VPPC 09 Keynote Speech

Engineering Education for the Near Future

Frank Barnes, Ph.D

Distinguished Professor
Department of Electrical and Computer Engineering
University of Colorado at Boulder
Boulder, Colorado 80309-0425
Phone: (303) 492-8225
FAX: (303) 492-2758
E-mail: barnes(at)colorado(dot)edu

ABSTRACT: Graduating engineering students are facing global competition on a new scale. Modern communications makes it possible to hire engineer for many jobs who are located anywhere in the world. Thus our graduates must expect to face competition from bright and highly trained engineers who live in Europe, Russia, India, China, Japan and many other places. Many of these engineers will work for much less, (1/3 or 1/10?) than our graduates will need to work and live in the US. With this in mind what should we be doing to educate our students?
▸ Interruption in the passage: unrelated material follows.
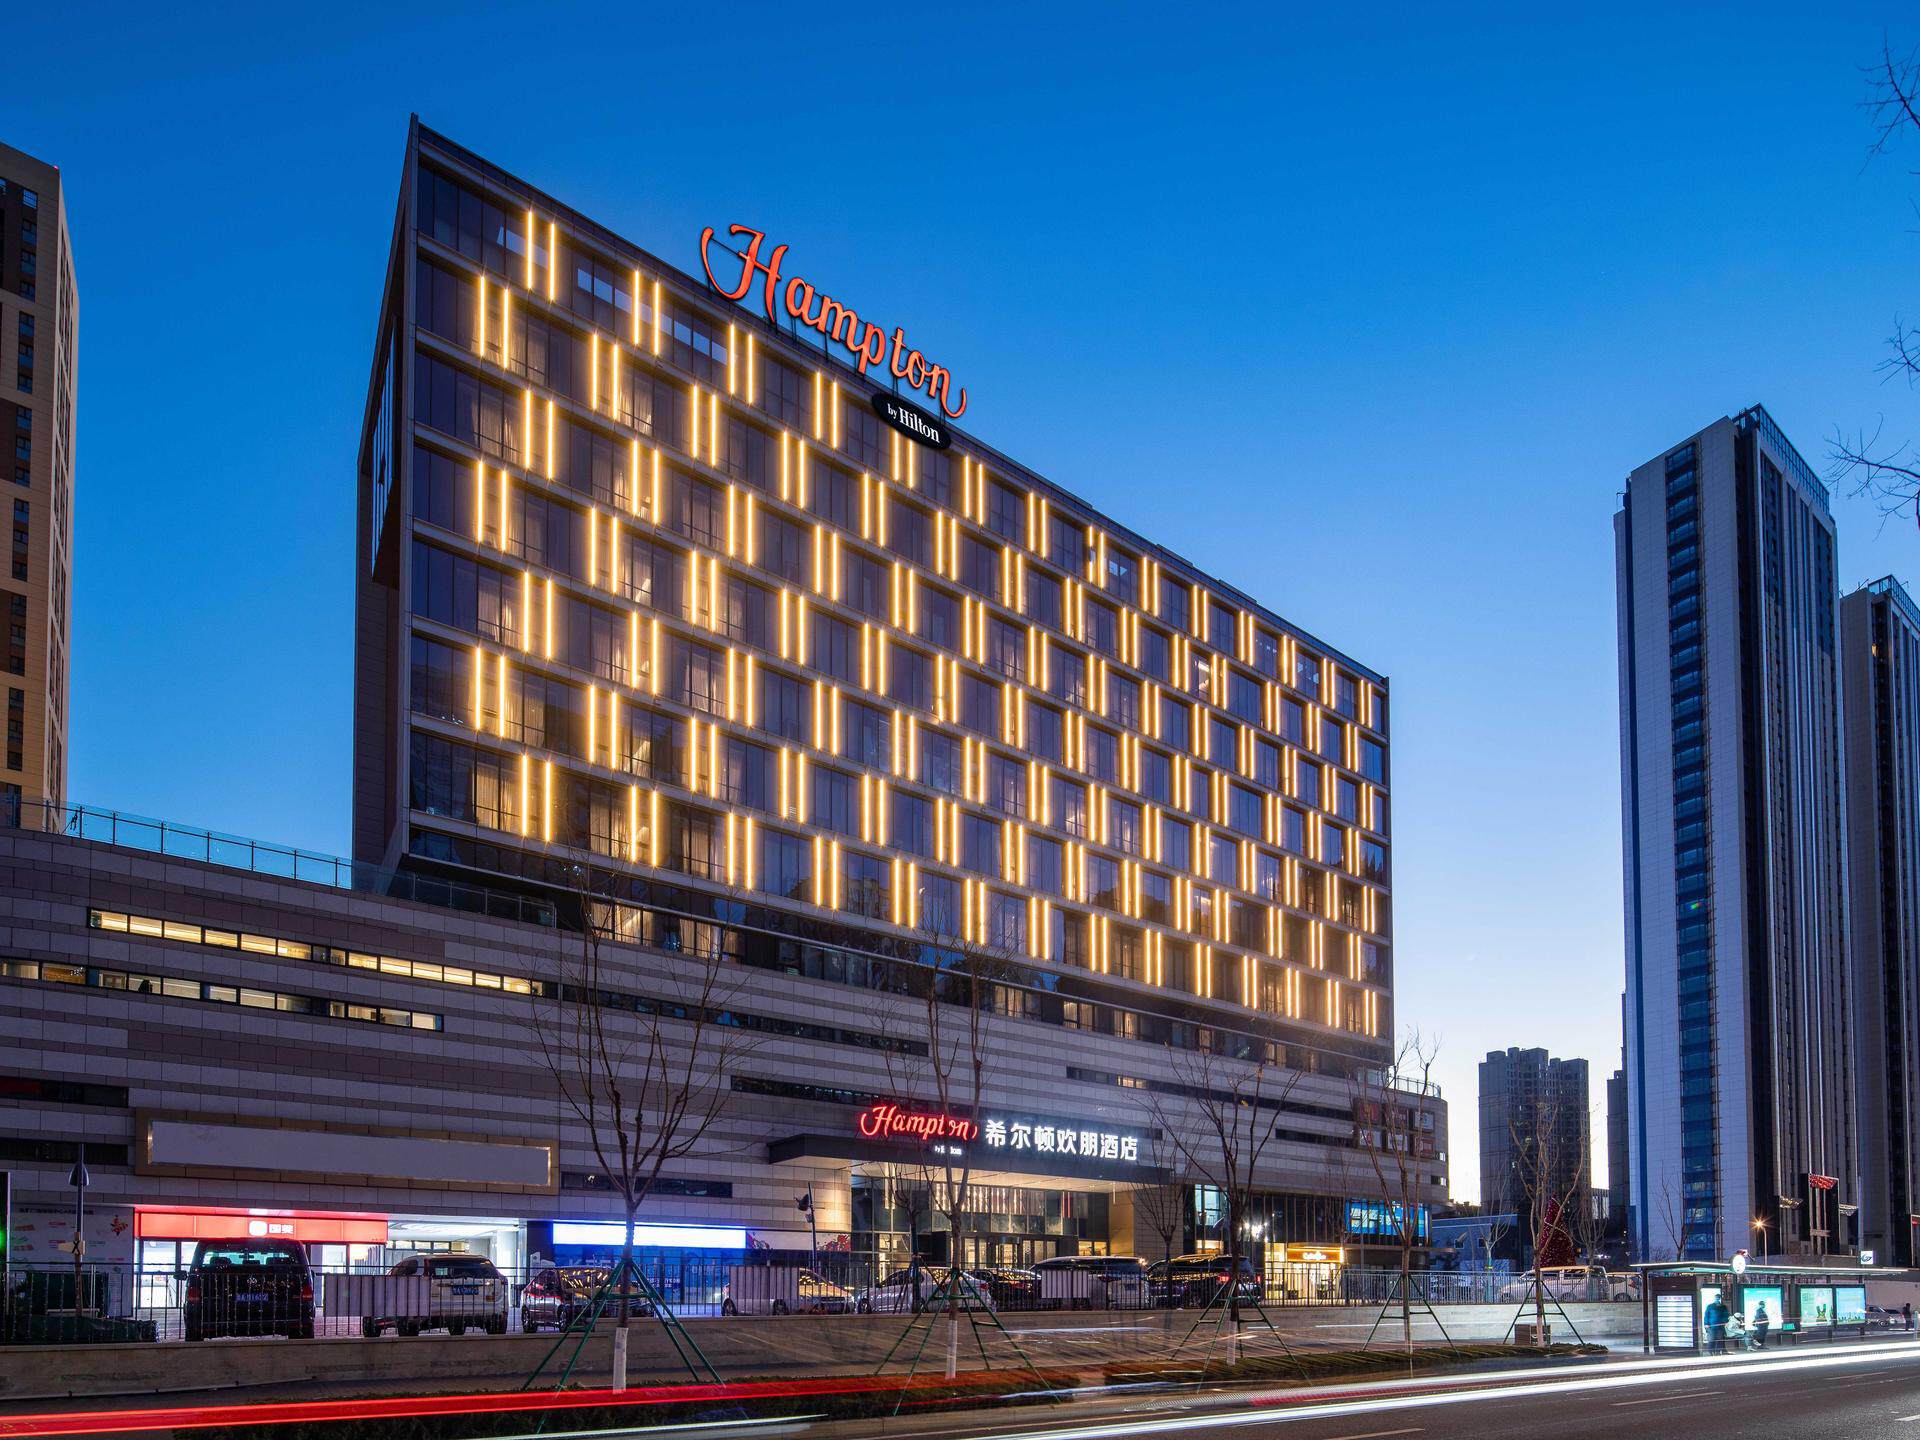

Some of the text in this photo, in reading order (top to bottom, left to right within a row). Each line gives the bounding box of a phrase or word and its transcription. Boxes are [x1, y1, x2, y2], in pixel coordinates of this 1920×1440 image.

[701, 224, 967, 418] Hampton
[887, 402, 941, 444] by Hilton
[860, 1103, 978, 1141] Hampton
[985, 1119, 1138, 1161] 希尔顿欢朋酒店
Leadership skills whether they are technical, managerial, or entrepreneurial are one way for our students to be worth more than their competition. In this talk I will suggest some approaches to making leadership a larger part of you undergraduate engineering education program by including working on international design teams, deepening there technical understanding by requiring some teaching for graduation and broadening their understanding of world wide markets .

Bio: Dr. Frank Barnes is a distinguished professor of electrical and computer engineering at the University of Colorado at Boulder. He is recipient of the National Academy of Engineering’s top educational honor the Bernard M. Gordon Prize for his “pioneering an Interdisciplinary Telecommunications Program that produces leaders who bridge engineering, social science, and public policy.”

Frank Barnes is a fellow of IEEE. He has served as interim dean, distinguished professor, chair of the electrical and computer engineering department for 17 years, and a founder of electrical engineering departments at other CU campuses. He has been a CU faculty member since 1959 and was named a distinguished professor by the University of Colorado Board of Regents in 1997. He was elected to the National Academy of Engineering in 2001. He has recently been working on energy storage and the effects of electric and magnetic fields on biology.